The Tale of How Insulin Came to Market
Richard A. Epstein
Defining Ideas
January 2, 2011

One of the most pressing questions of modern biomedical research asks what the relationship between government regulation and scientific innovation is. Nothing is more common today than the plea that extensive government regulation, at every stage of the development process, is needed to protect innocent and uninformed patients and their families from exploitation by pharmaceutical companies, hospitals, and physicians. The underlying assumption is that good-faith government regulators can fill the void between ordinary people and the self-interested institutions that dominate our private lives. Indeed, filling this void is the purpose of the Food and Drug Administration (FDA), which supervises pharmaceutical companies.
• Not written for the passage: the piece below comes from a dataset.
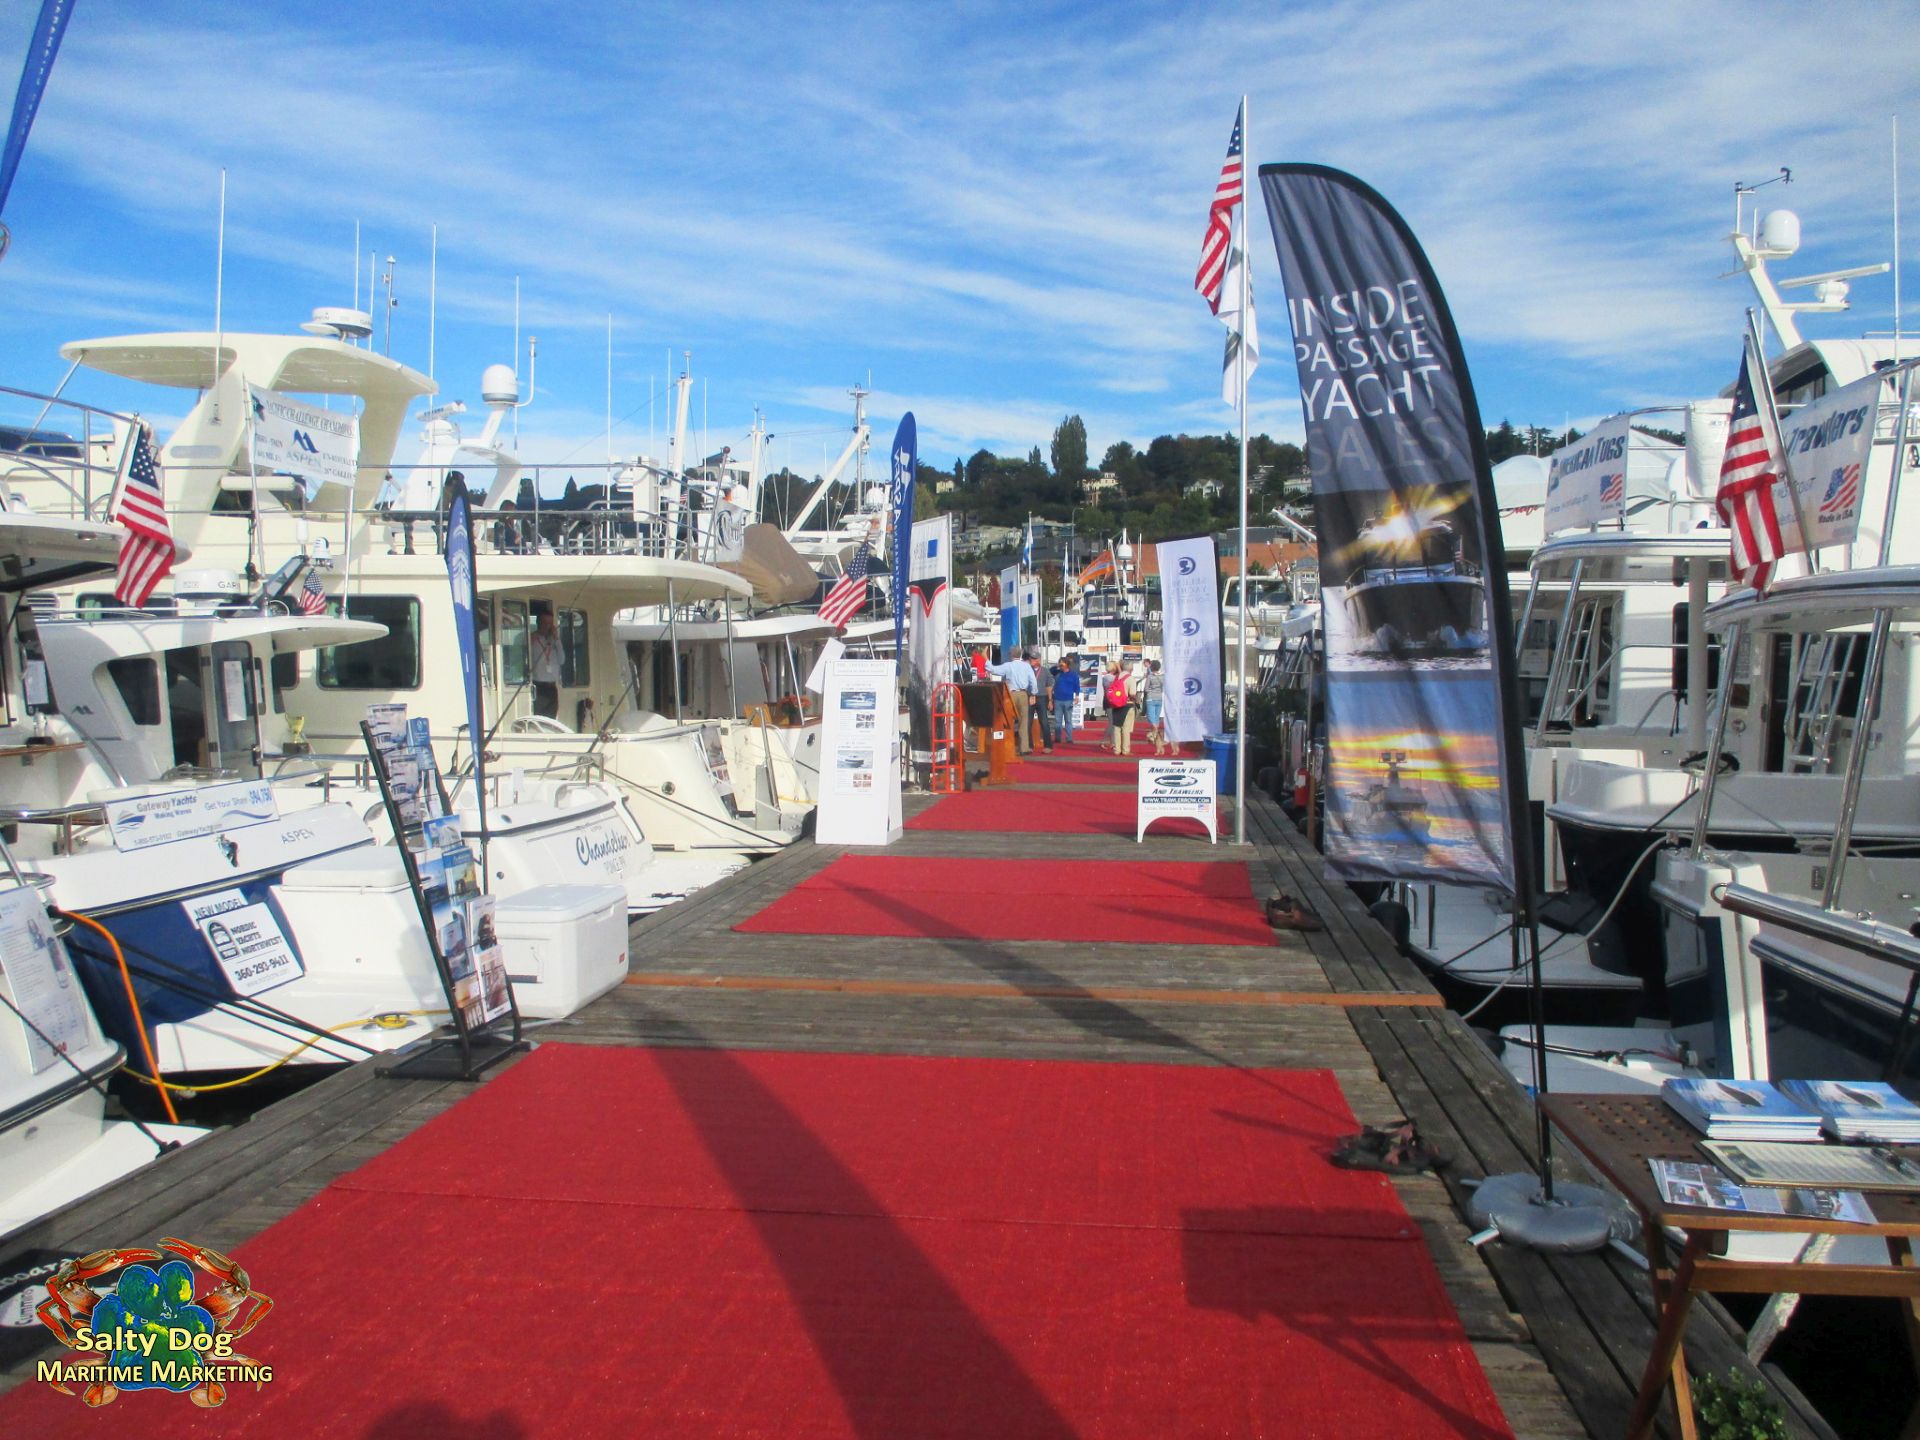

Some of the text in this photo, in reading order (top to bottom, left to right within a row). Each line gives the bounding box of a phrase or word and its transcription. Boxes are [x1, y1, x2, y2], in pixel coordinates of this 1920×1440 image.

It was not always thus. Recently, I had occasion to visit the New York City Historical Society , which is featuring an excellent exhibit on the 1921 discovery of insulin by scientists Frederick Banting and Charles Best at the University of Toronto. That exhibit displayed a superb book by Thea Cooper and Arthur Ainsberg called "Breakthrough: Elizabeth Hughes, the Discovery of Insulin, and the Making of a Medical Miracle." The title is not hyperbole. In fact, it behooves us to ask: could the same miracle be achieved today under the weight of our heavy system of regulation?